* Aim of the exercise
Repeat word for word, please, only the lines of the material from the one containing "this 2352×1568 image." through its final line, both ends included.

......

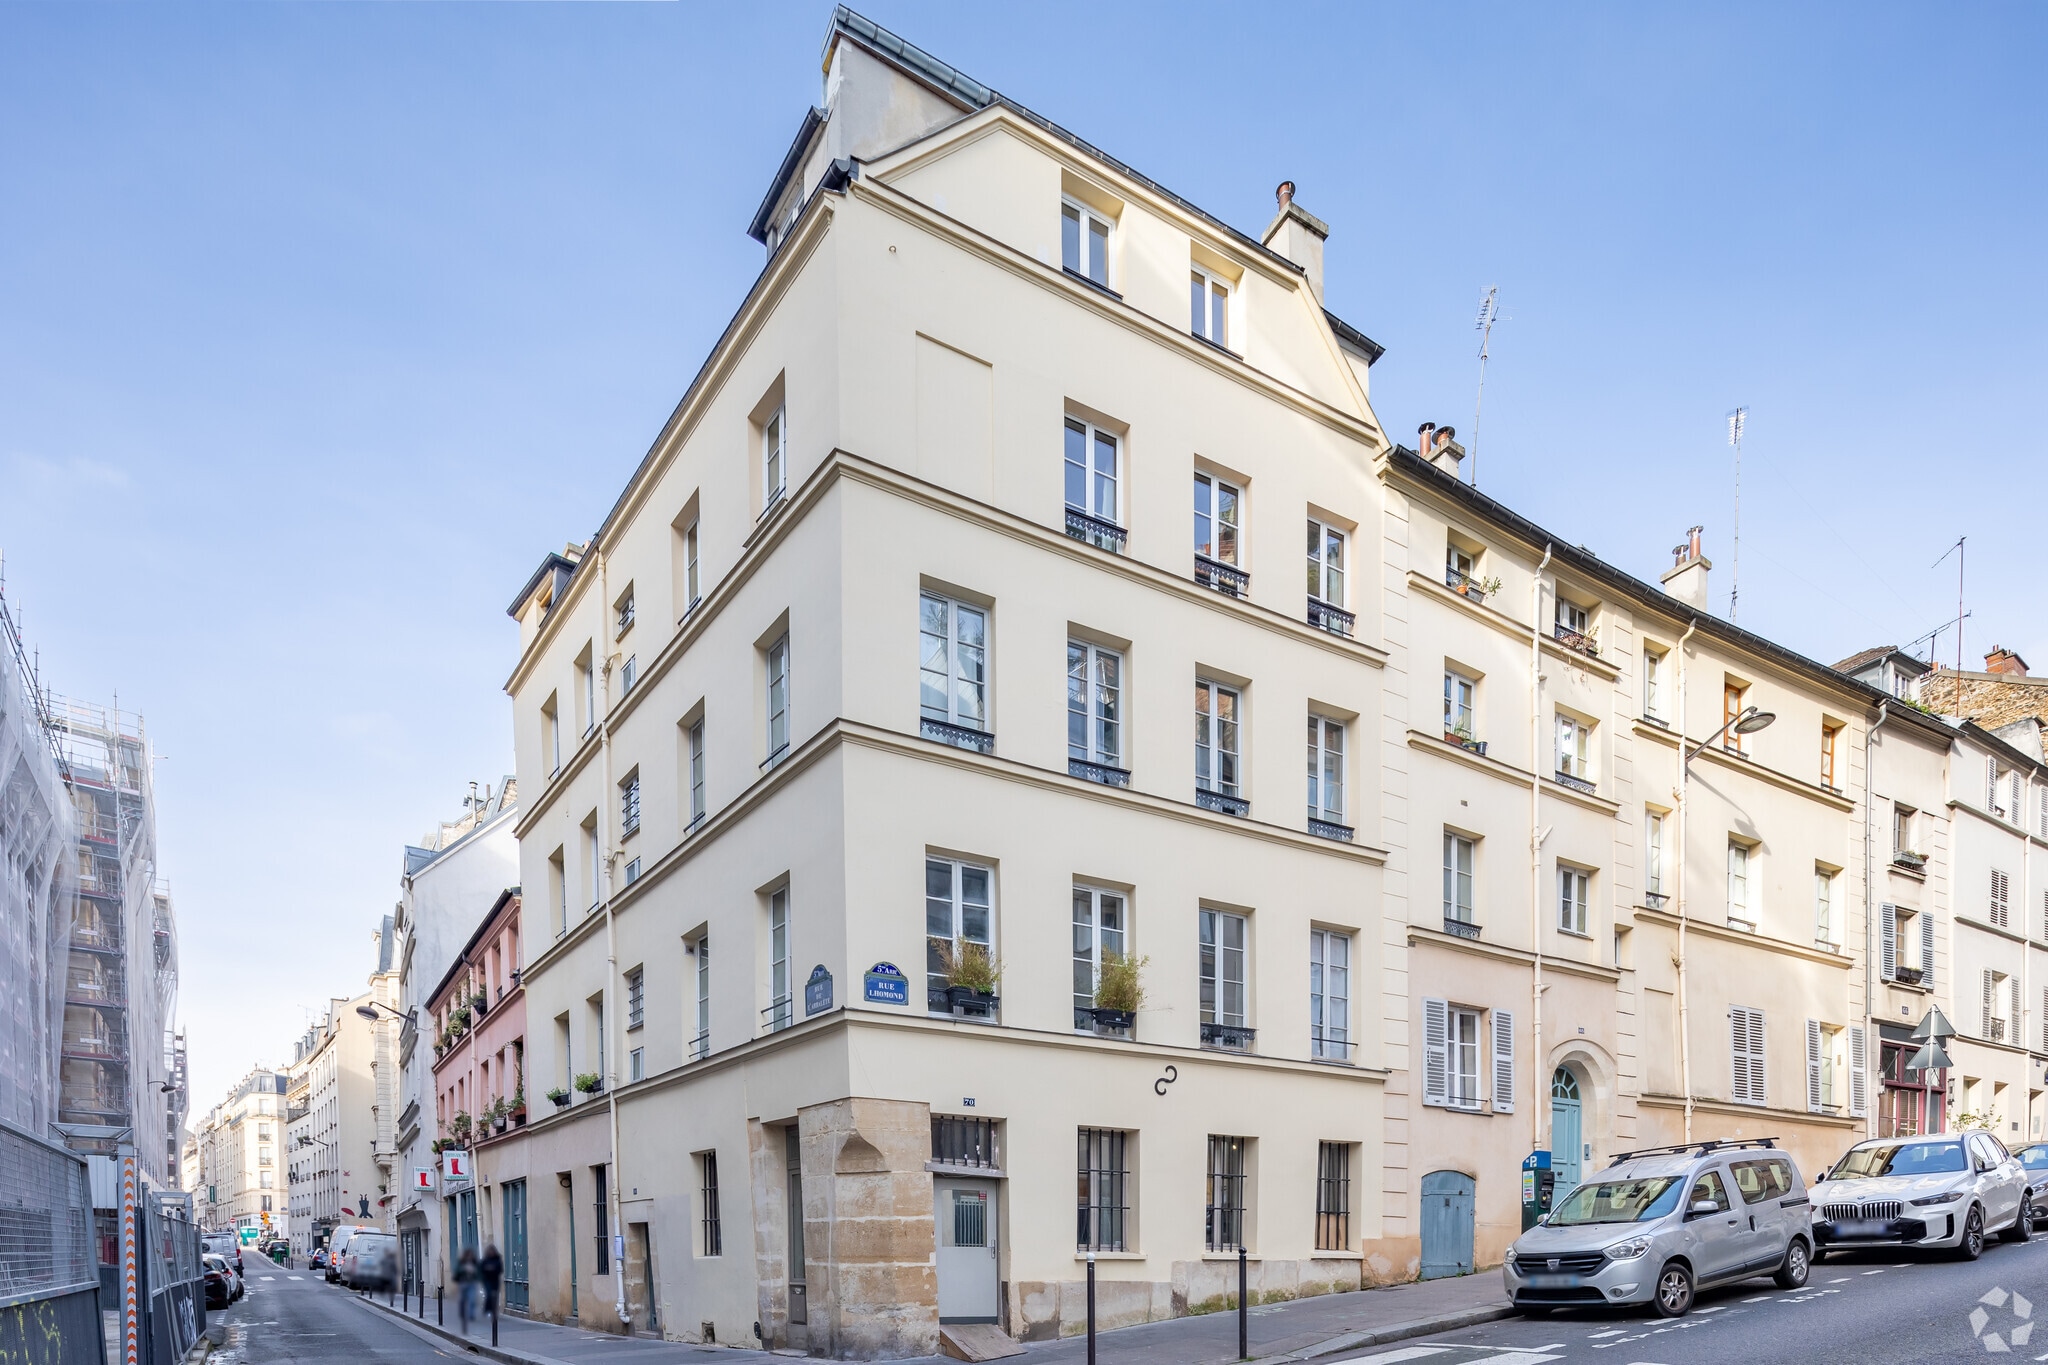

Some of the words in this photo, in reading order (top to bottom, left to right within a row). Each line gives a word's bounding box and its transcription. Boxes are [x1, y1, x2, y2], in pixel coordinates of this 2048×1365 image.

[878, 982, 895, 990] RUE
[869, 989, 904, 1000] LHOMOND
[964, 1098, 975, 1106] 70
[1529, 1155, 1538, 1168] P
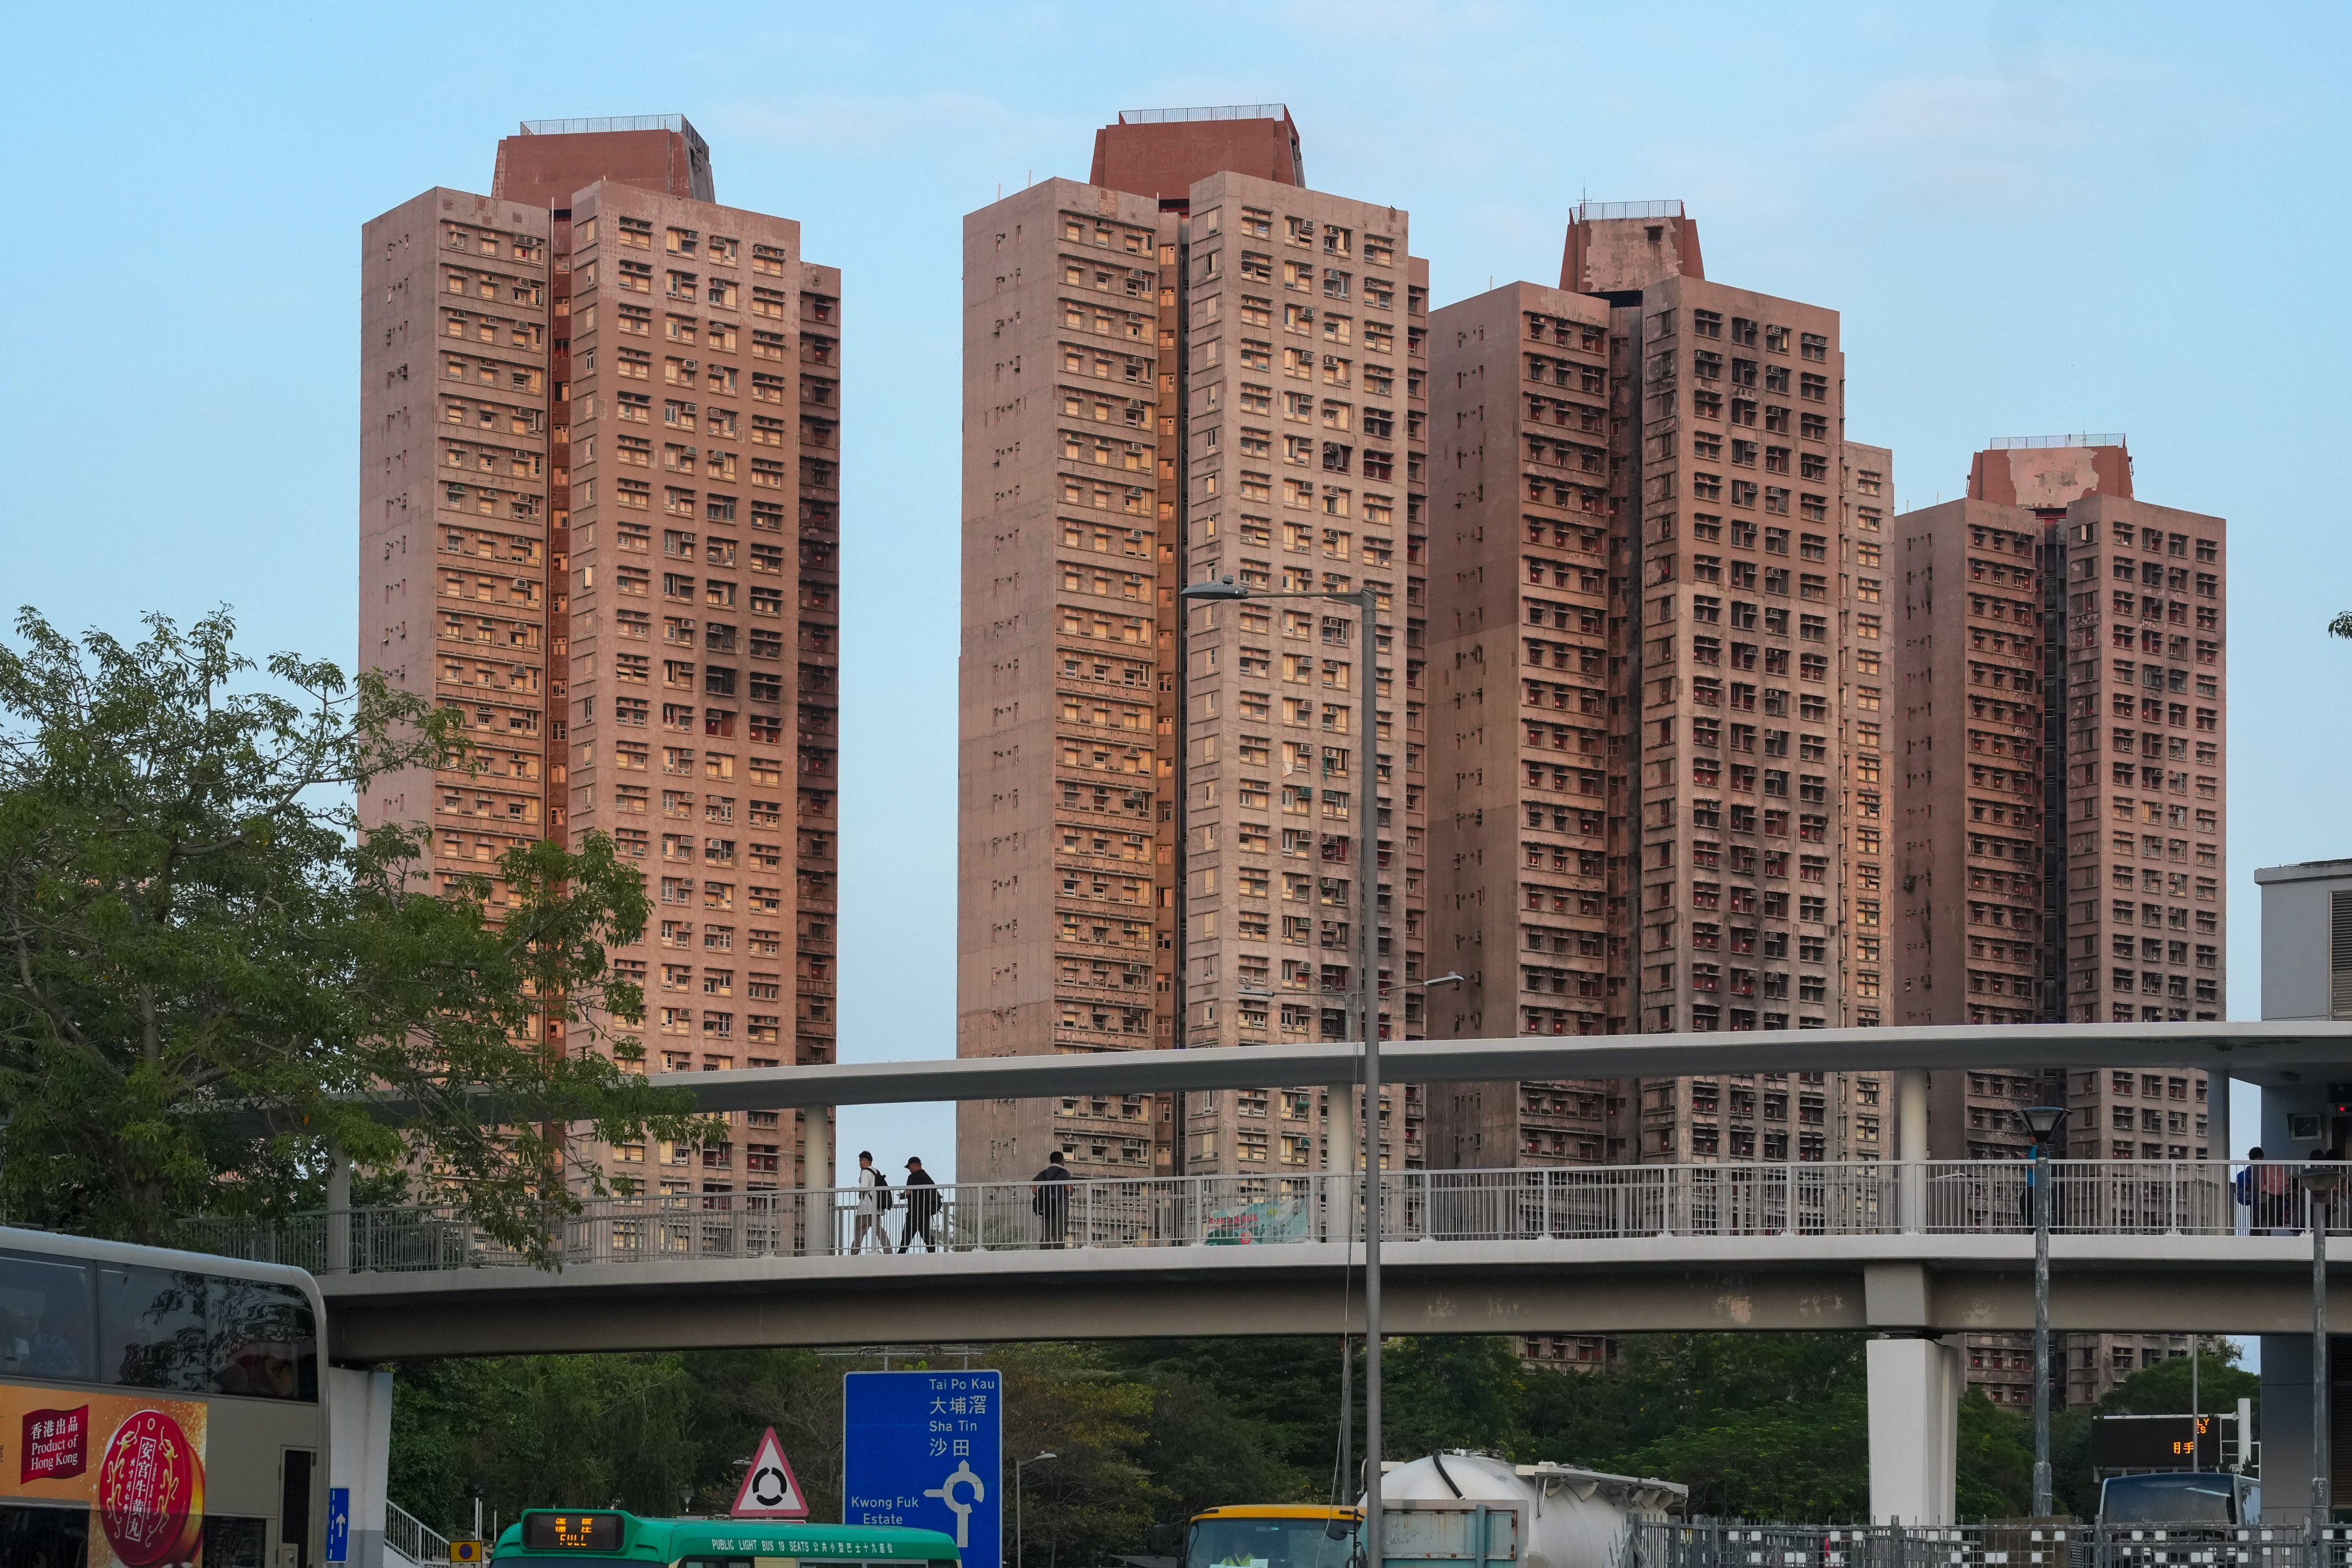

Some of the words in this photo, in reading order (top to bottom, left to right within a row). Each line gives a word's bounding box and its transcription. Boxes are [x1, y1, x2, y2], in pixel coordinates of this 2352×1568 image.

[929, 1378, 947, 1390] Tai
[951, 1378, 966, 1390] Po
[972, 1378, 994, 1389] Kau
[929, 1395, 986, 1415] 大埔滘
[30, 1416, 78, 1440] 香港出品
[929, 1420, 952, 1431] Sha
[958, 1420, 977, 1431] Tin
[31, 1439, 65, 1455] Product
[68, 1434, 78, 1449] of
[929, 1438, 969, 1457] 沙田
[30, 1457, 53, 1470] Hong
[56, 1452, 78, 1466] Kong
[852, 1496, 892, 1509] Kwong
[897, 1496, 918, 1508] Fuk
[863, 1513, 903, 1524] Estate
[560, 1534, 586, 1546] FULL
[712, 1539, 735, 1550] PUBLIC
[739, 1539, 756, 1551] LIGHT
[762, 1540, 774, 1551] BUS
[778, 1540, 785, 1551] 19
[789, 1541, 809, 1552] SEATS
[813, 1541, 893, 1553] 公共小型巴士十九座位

......

* Task solution
Some of the words in this photo, in reading order (top to bottom, left to right within a row). Each line gives a word's bounding box and its transcription. Boxes are [x1, y1, x2, y2], in pixel coordinates of this 2352×1568 image.

[929, 1378, 947, 1390] Tai
[951, 1378, 966, 1390] Po
[972, 1378, 994, 1389] Kau
[929, 1395, 986, 1415] 大埔滘
[30, 1416, 78, 1440] 香港出品
[929, 1420, 952, 1431] Sha
[958, 1420, 977, 1431] Tin
[31, 1439, 65, 1455] Product
[68, 1434, 78, 1449] of
[929, 1438, 969, 1457] 沙田
[30, 1457, 53, 1470] Hong
[56, 1452, 78, 1466] Kong
[852, 1496, 892, 1509] Kwong
[897, 1496, 918, 1508] Fuk
[863, 1513, 903, 1524] Estate
[560, 1534, 586, 1546] FULL
[712, 1539, 735, 1550] PUBLIC
[739, 1539, 756, 1551] LIGHT
[762, 1540, 774, 1551] BUS
[778, 1540, 785, 1551] 19
[789, 1541, 809, 1552] SEATS
[813, 1541, 893, 1553] 公共小型巴士十九座位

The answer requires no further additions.